State-of-the-art general circulation models of the atmosphere and ocean, suitable for weather forecasting as well as for climate modeling, still have an insufficient space resolution to resolve turbulent convection explicitly. Convection parameterizations are therefore used [1–5]. For this parameterizations, the height of the convective boundary layer is often used as a diagnostic variable. The correctness of convection modeling significantly influences the model-derived cloudiness and, consequently, radiative transport. On coarse-resolution grids used in climate models, large gradients of meteorological quantities in the entrainment zone of the convective boundary layer (CBL) are strongly smoothed, leading to errors in calculating the fluxes of these quantities and the dynamics of the CBL on the whole.

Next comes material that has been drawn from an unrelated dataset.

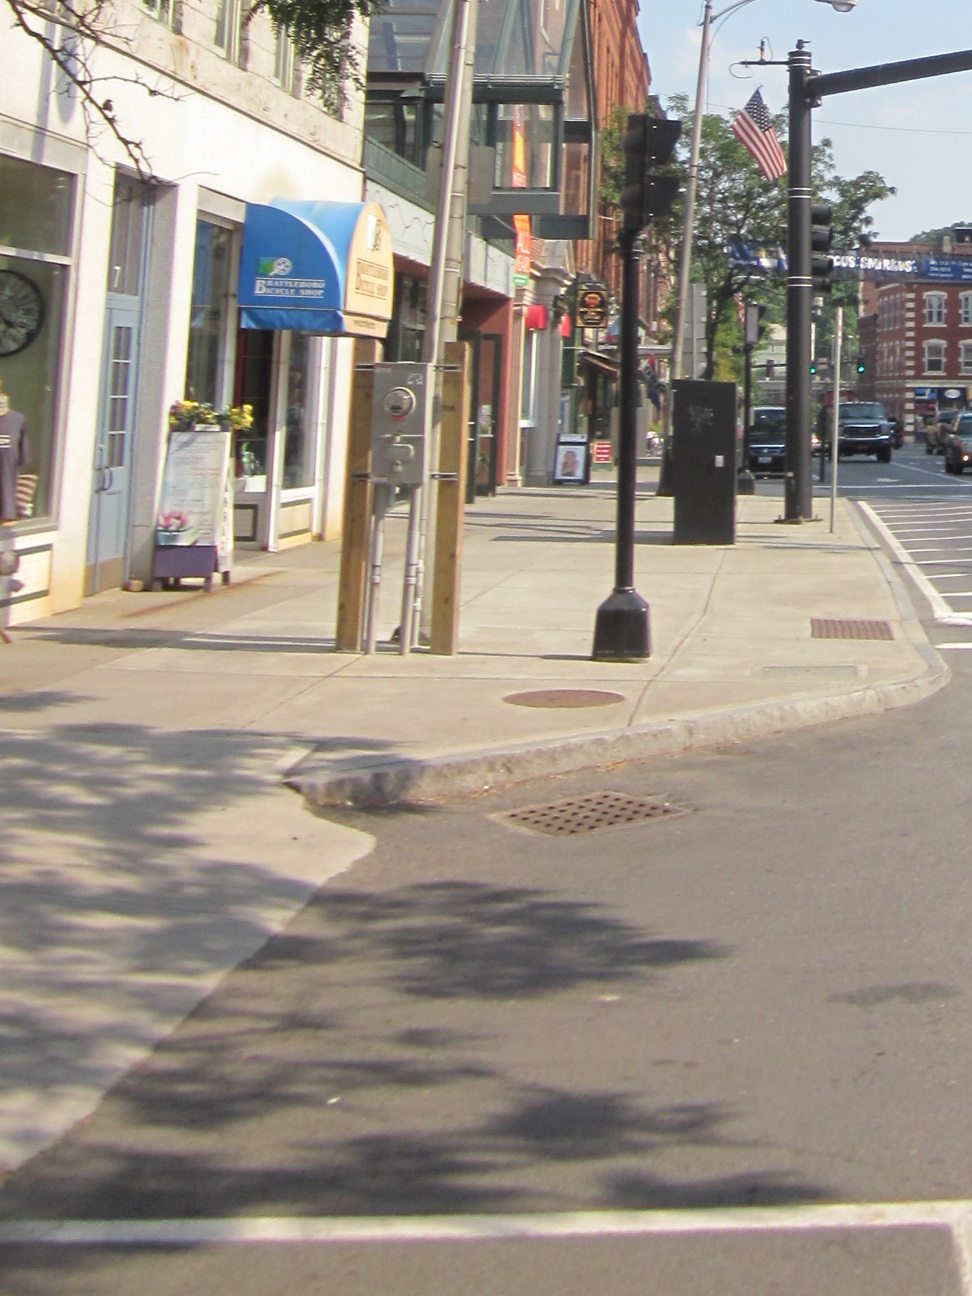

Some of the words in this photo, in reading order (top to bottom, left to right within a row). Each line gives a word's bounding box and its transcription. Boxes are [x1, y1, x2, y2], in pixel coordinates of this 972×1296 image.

[113, 265, 121, 288] 7
[255, 279, 325, 291] BRATTLEBORO
[255, 284, 297, 296] BICYCLE
[299, 288, 324, 296] SHOP

Observations and laboratory experiments show that the evolution of the CBL height as a whole is well described by integral (bulk) relationships [6–8], so refining the existing parametrizations of convection on their basis is reasonable. The integral CBL models are based on a set of equations whose unknown variables are the CBL height \(h\), jumps of meteorolgical quantities in the entrainment layer, and the entrainment coefficient. The entrainment coefficient is defined as the ratio of the minimum buoyancy flux in the entrainment layer to the surface buoyancy flux: \(A = \frac{{ - {{B}_{h}}}}{{{{B}_{s}}}}\).

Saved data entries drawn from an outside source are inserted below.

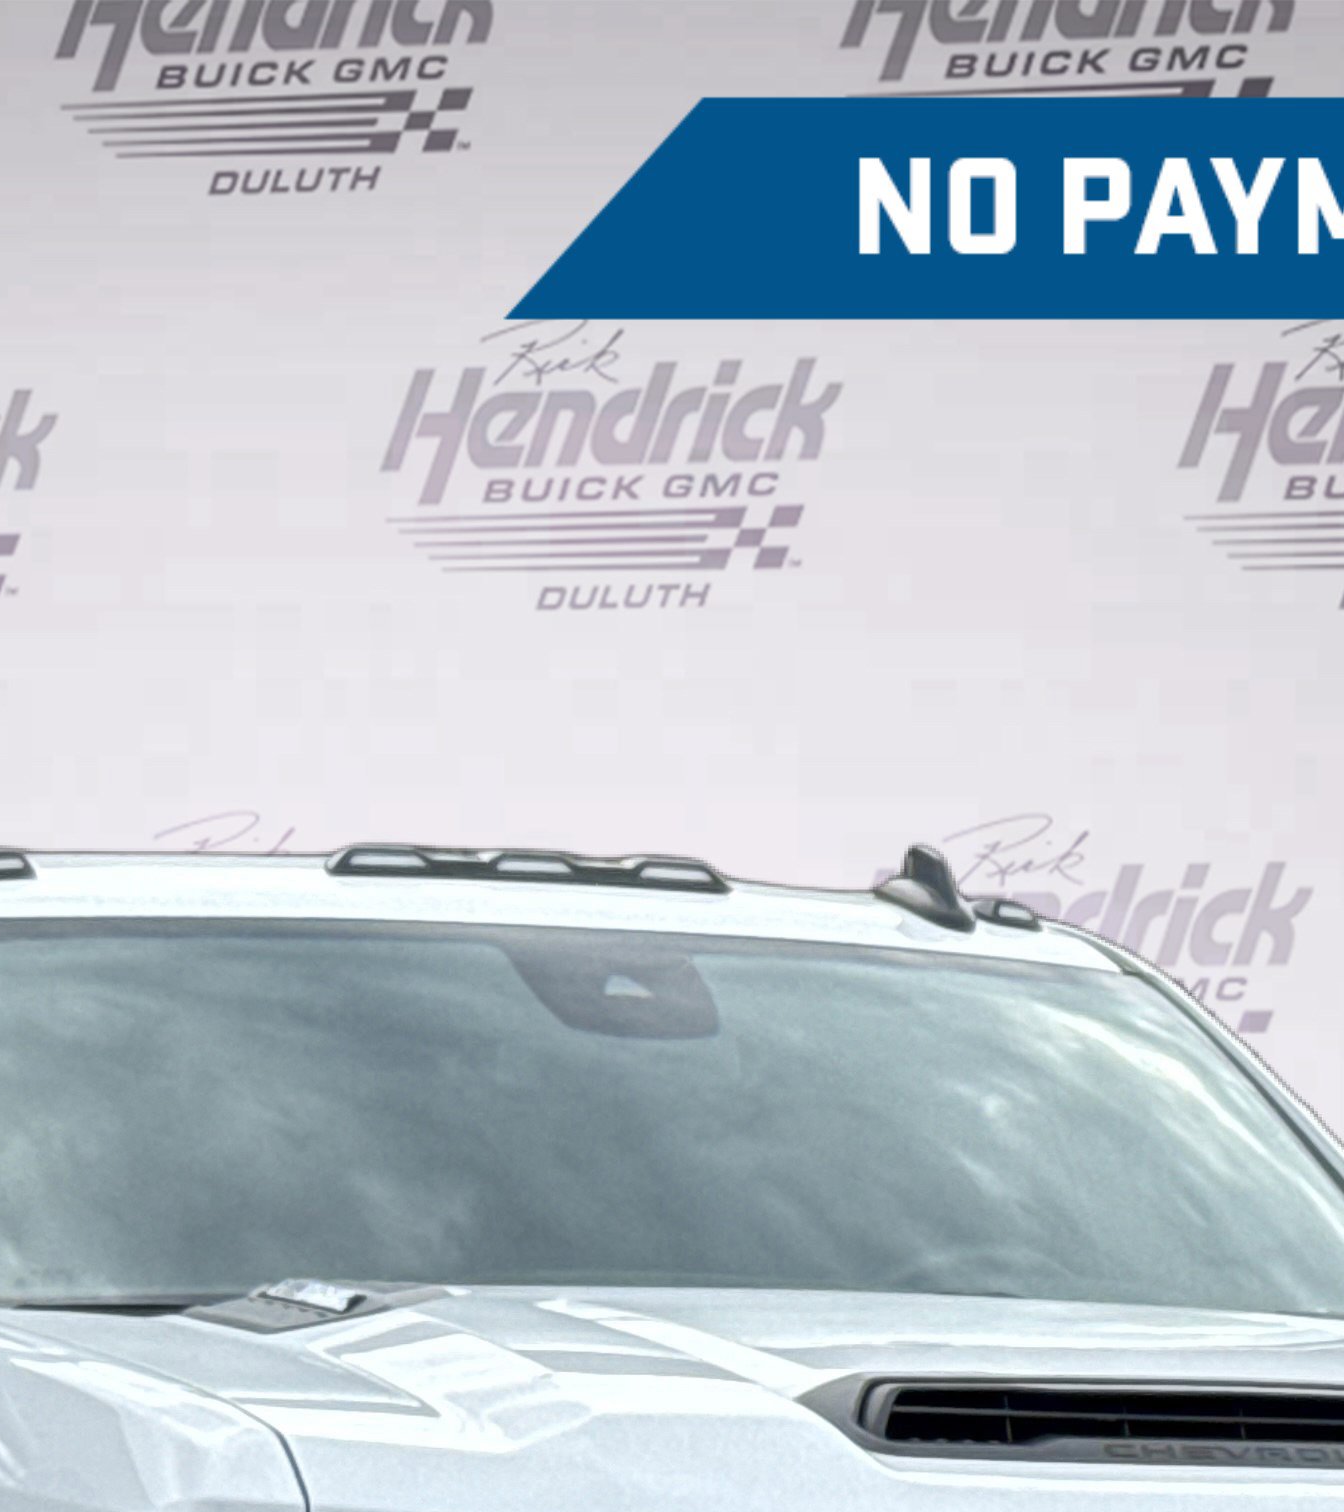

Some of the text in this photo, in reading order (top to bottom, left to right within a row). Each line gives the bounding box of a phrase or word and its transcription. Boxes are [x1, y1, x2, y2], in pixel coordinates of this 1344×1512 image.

[156, 55, 449, 90] BUICK GMC
[944, 44, 1249, 79] BUICK GMC
[208, 166, 382, 195] DULUTH
[379, 357, 844, 506] Hendrick
[481, 471, 780, 504] BUICK GMC
[535, 583, 711, 612] DULUTH
[942, 813, 1090, 887] Rick
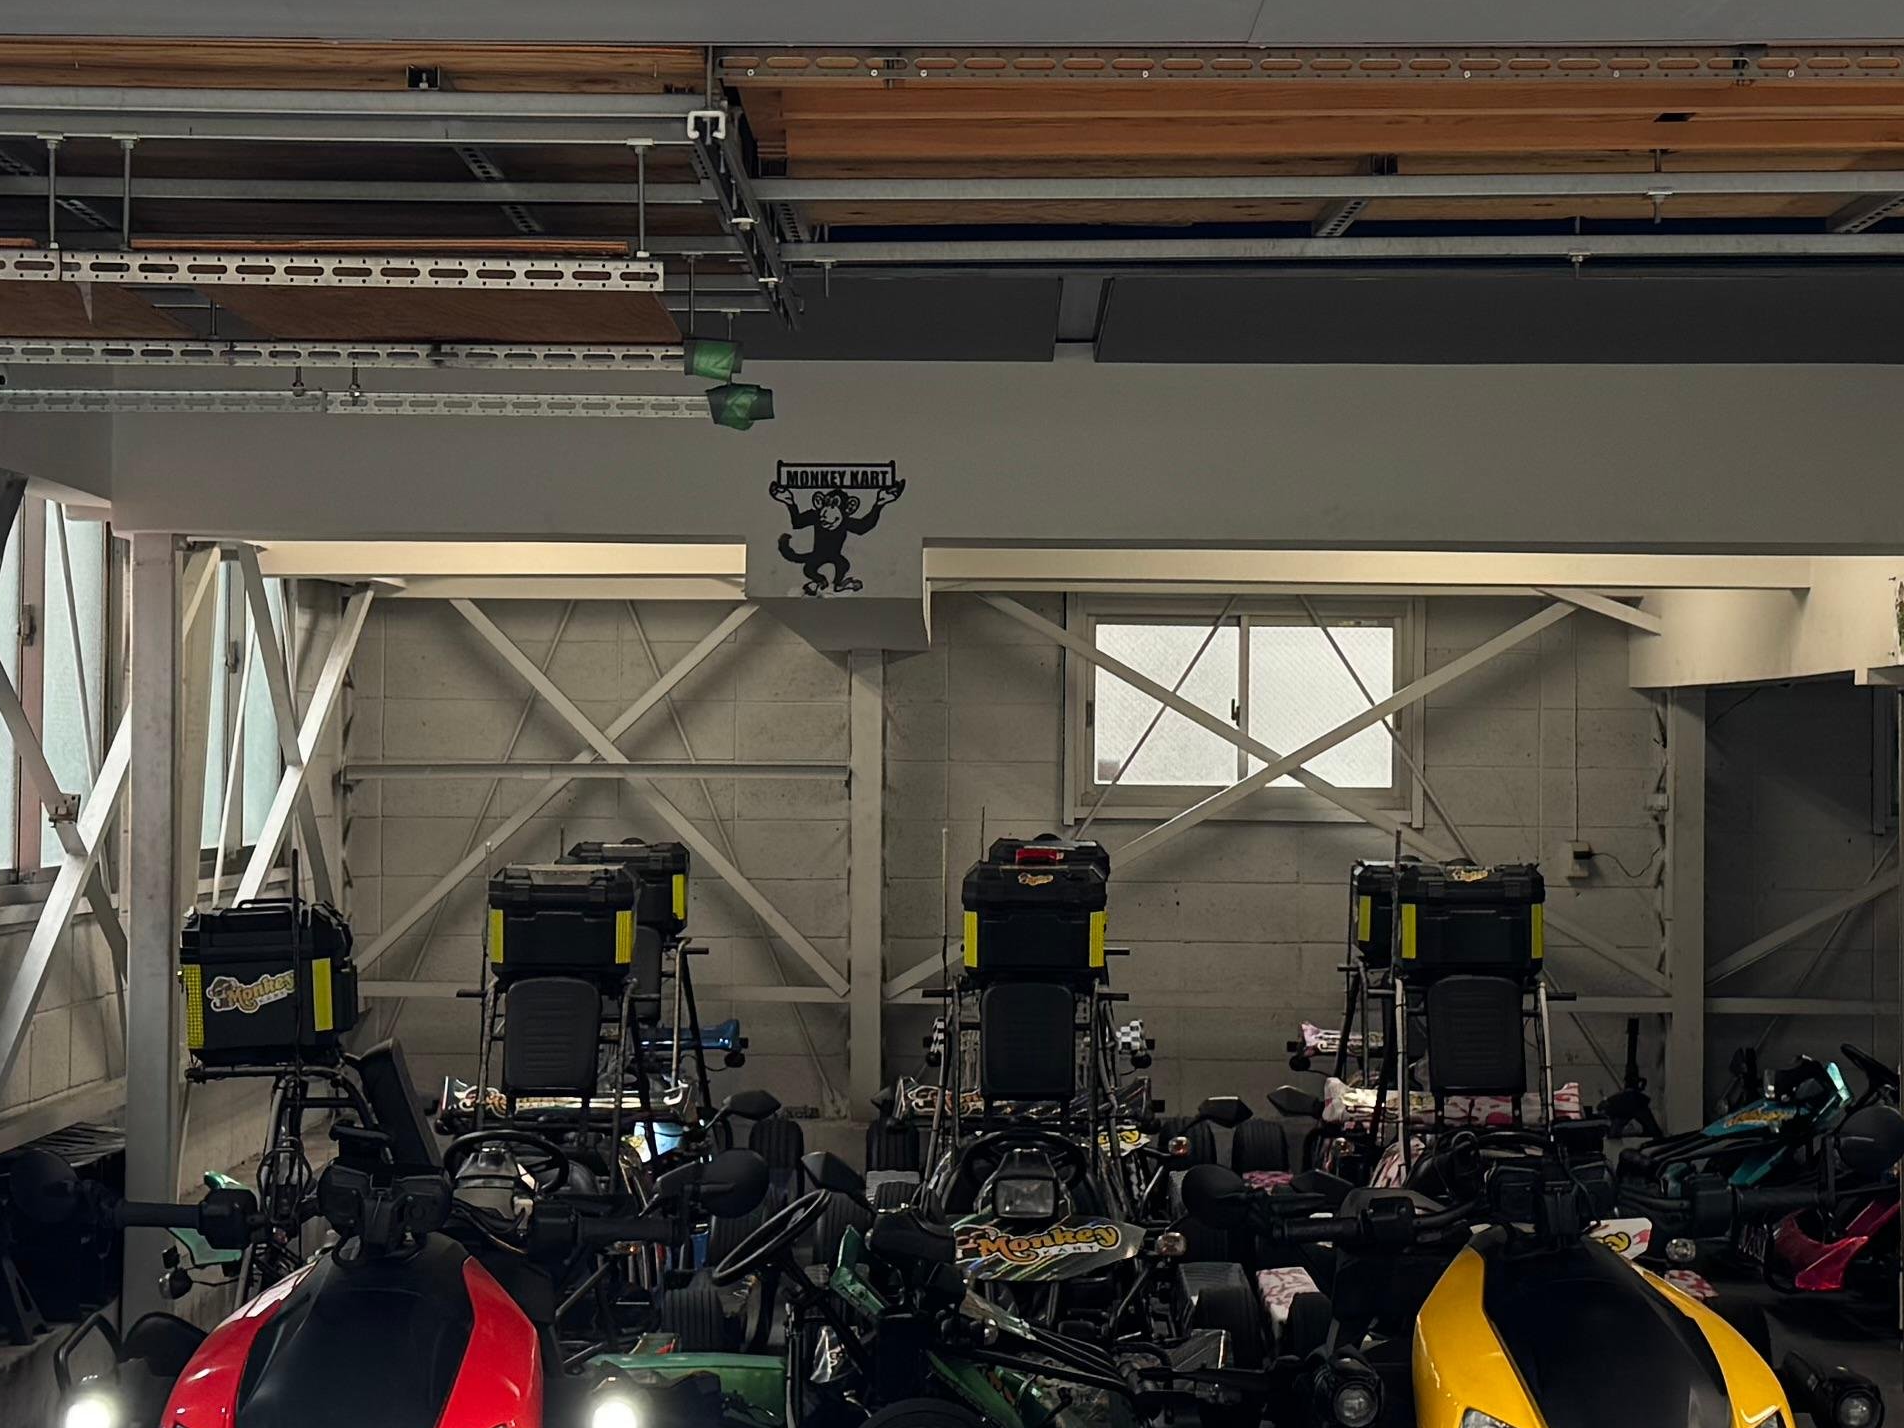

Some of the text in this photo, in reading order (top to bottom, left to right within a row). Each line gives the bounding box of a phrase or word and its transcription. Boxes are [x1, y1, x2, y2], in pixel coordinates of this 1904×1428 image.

[786, 470, 889, 487] MONKEY KART
[227, 972, 295, 1010] Monkey
[974, 1224, 1121, 1264] Monkey

Two types of bulk CBL models—zero-order models [9] and first-order models [10]—have received wide recognition over the last decades. They differ in how the buoyancy and the velocity jump is represented at the CBL boundary in the corresponding idealized profiles. These profiles for buoyancy and horizontal velocity in zero-order models are shown in Fig. 1. In these models the gradients of buoyancy and velocity in the entrainment layer are approximated by jumps of these quantities at a height \(h\).

Fig. 1.

Profiles of (a) buoyancy, (b) buoyancy flux, (c) horizontal wind velocity, and vertical momentum flux in the CBL developing in a stably stratified free atmosphere with a background wind. The thick solid line indicates schematic profiles used in the bulk CBL models, and the dashed line represents time-averaged profiles from the LES data of this paper (see Sections 4 and 5).

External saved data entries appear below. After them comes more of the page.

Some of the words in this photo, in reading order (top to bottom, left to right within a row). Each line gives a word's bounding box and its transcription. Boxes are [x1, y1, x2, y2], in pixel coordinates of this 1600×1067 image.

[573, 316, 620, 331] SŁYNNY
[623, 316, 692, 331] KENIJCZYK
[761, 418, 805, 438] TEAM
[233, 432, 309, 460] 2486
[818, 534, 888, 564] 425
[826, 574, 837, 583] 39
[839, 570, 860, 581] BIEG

The first-order models assume that the buoyancy and velocity vary linearly within the entrainment layer, with the entrainment-layer thickness \(\delta \) becoming a new independent variable and requiring an additional relationship needed for closure of the set of model equations. However, finding physically justified relations of \(\delta \) to other entrainment parameters is a complicated problem involving parametrizations of turbulent, wave, and thermodynamic processes in the entrainment layer. The physics of these processes reamains poorly understood (see, e.g., [11]).

Overall, the accuracy of the zero-order models is nearly the same as the accuracy of the first-order models for free and sheared convection under strong stable stratification of the free atmosphere [12, 13], worsening only when the free atmosphere is weakly stratified or when the geostrophic velocity gradient is large [14]. Models of both types also produce large errors in defining the CBL height \(h\) and the entrainment-layer velocity jump \(\Delta U\) over a very rough surface [15].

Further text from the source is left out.